Plato’s The Republic is one of the most influential philosophical, political and literary texts in the history of Western thought. The Republic’s system of governance is of considerable moment to an appreciation of the relationship between Plato’s political philosophy and practical political activity. In the system of governance Plato envisages as the most effective and beneficial for a particular population, an elite ruling minority controls and manages a (seemingly) docile majority. The socio-political implications of this particular system of governance have been interpreted and evaluated in numerous ways over time.[1] Whether or not this system of governance should be interpreted as a utopian political ideal is one of The Republic’s most contested features and contributes significantly to its relationship with practical, viable politics. Accordingly, these particular aspects of The Republic’s political constructs remain relevant to contemporary political discussions.

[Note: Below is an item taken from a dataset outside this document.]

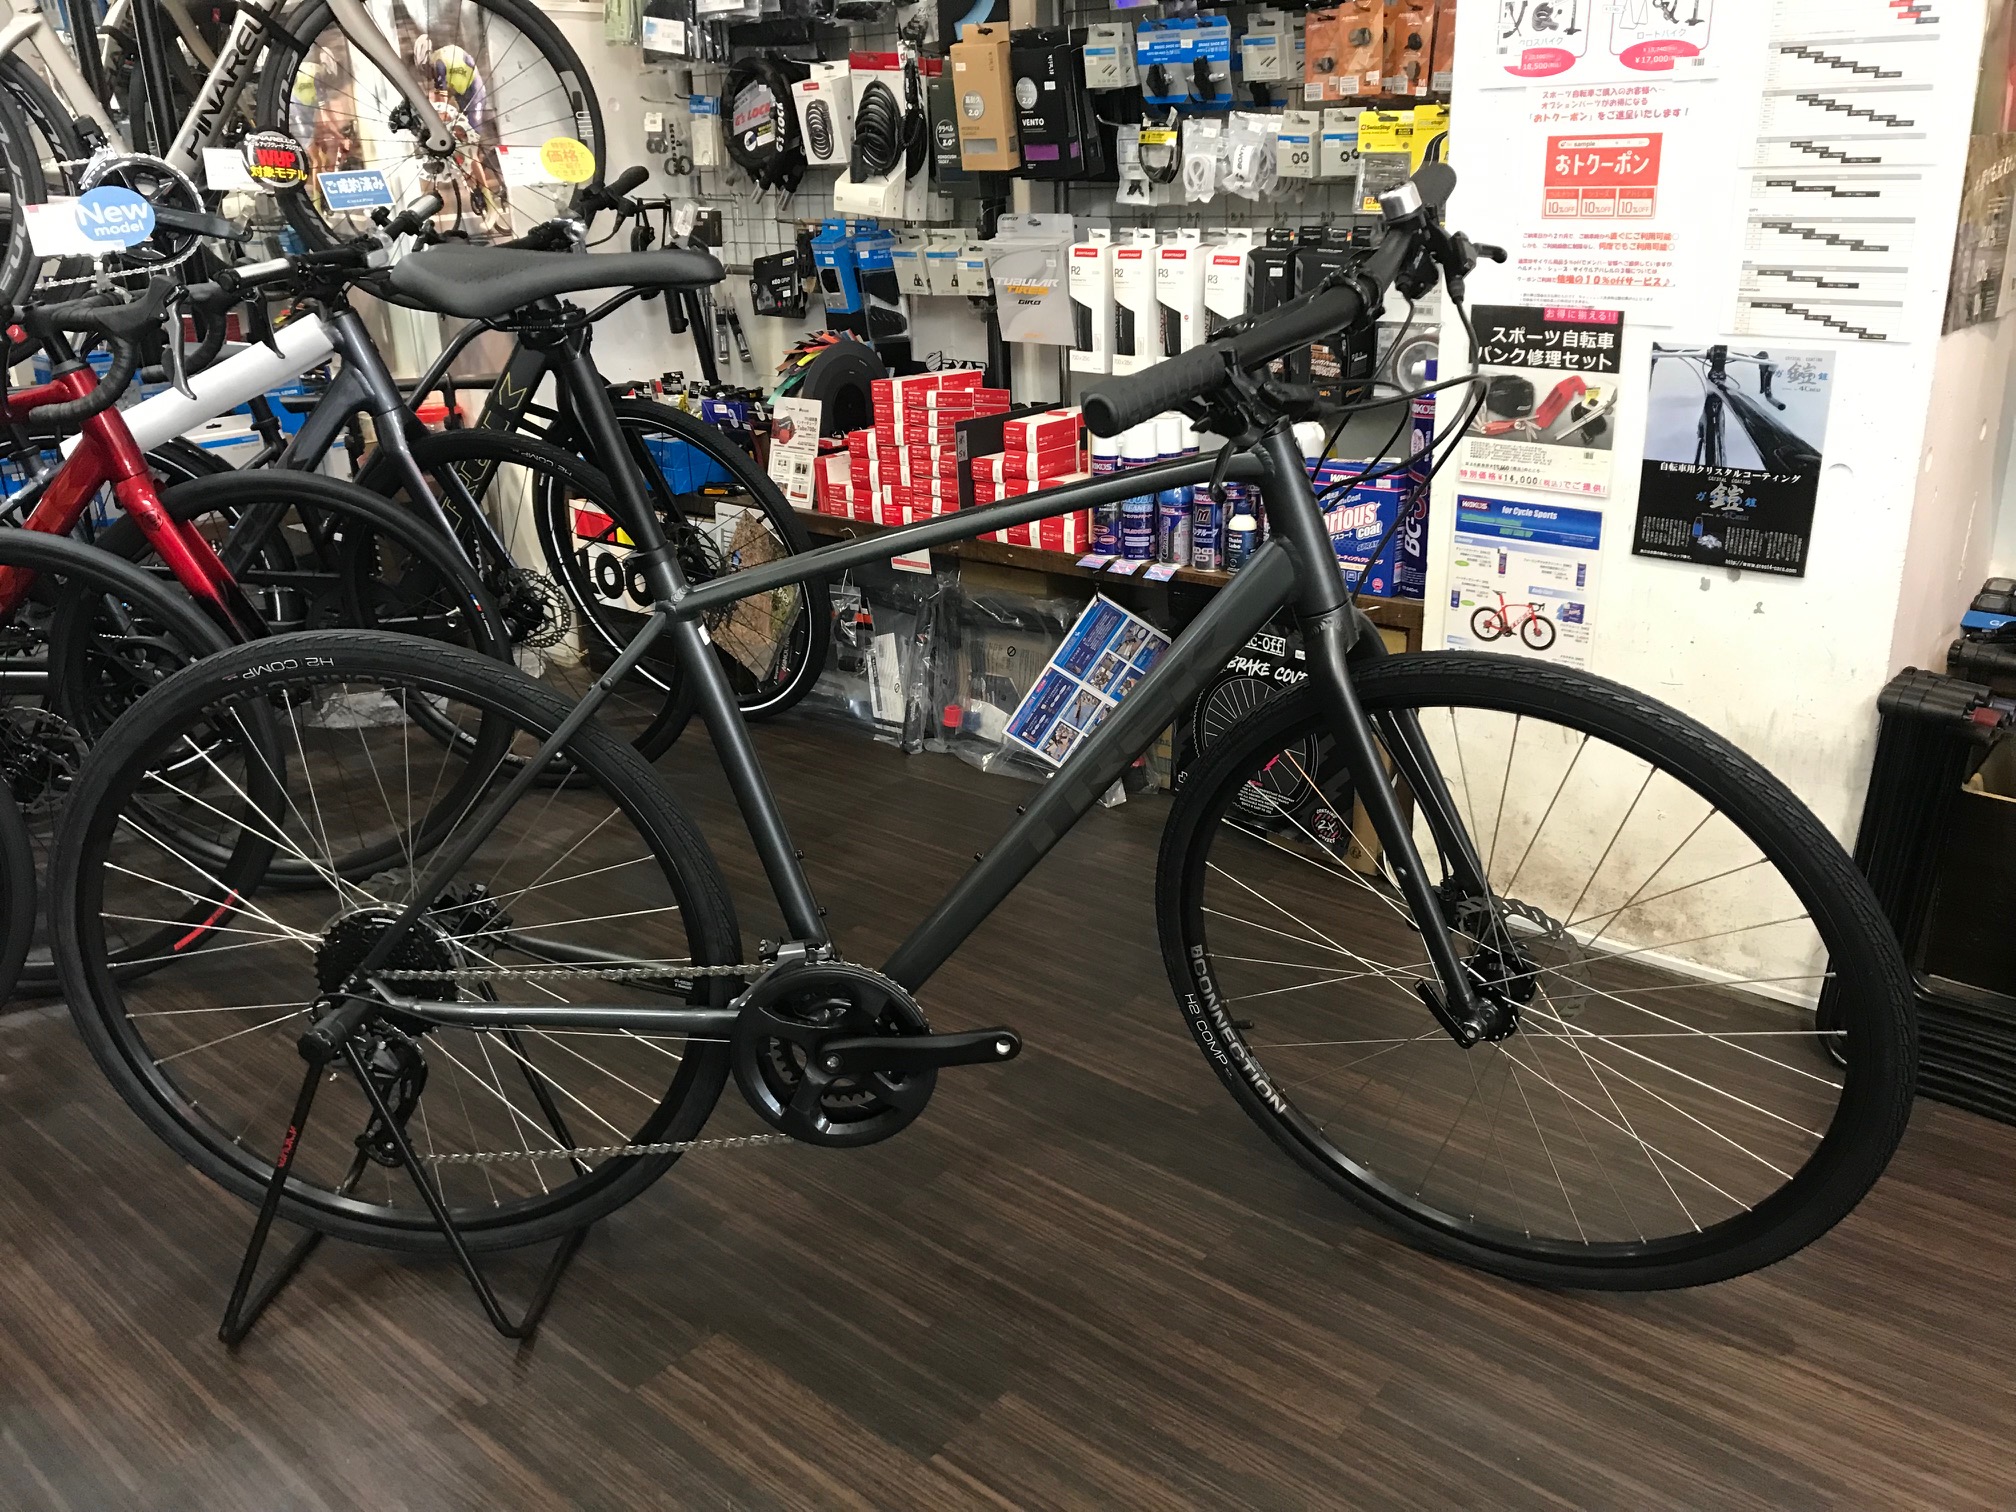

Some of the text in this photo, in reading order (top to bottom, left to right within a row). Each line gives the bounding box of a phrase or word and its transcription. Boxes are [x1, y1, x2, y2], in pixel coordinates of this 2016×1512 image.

For Plato, the exclusive rule of philosophers constitutes the best system of governance for a given population. In the famous passage detailing the reasons as to why philosophers must rule in The Republic, Plato says that:

      The society we have described can never grow into a reality or see the light of day, and there will be no end to the troubles of states, or indeed, my dear Glaucon, of humanity itself, till philosophers become kings in this world, or till those we now call kings and rulers really and truly become philosophers, and political power and philosophy thus come into the same hands.[2]

In Plato’s conception of society, only a select few are biologically capable of assuming the offices...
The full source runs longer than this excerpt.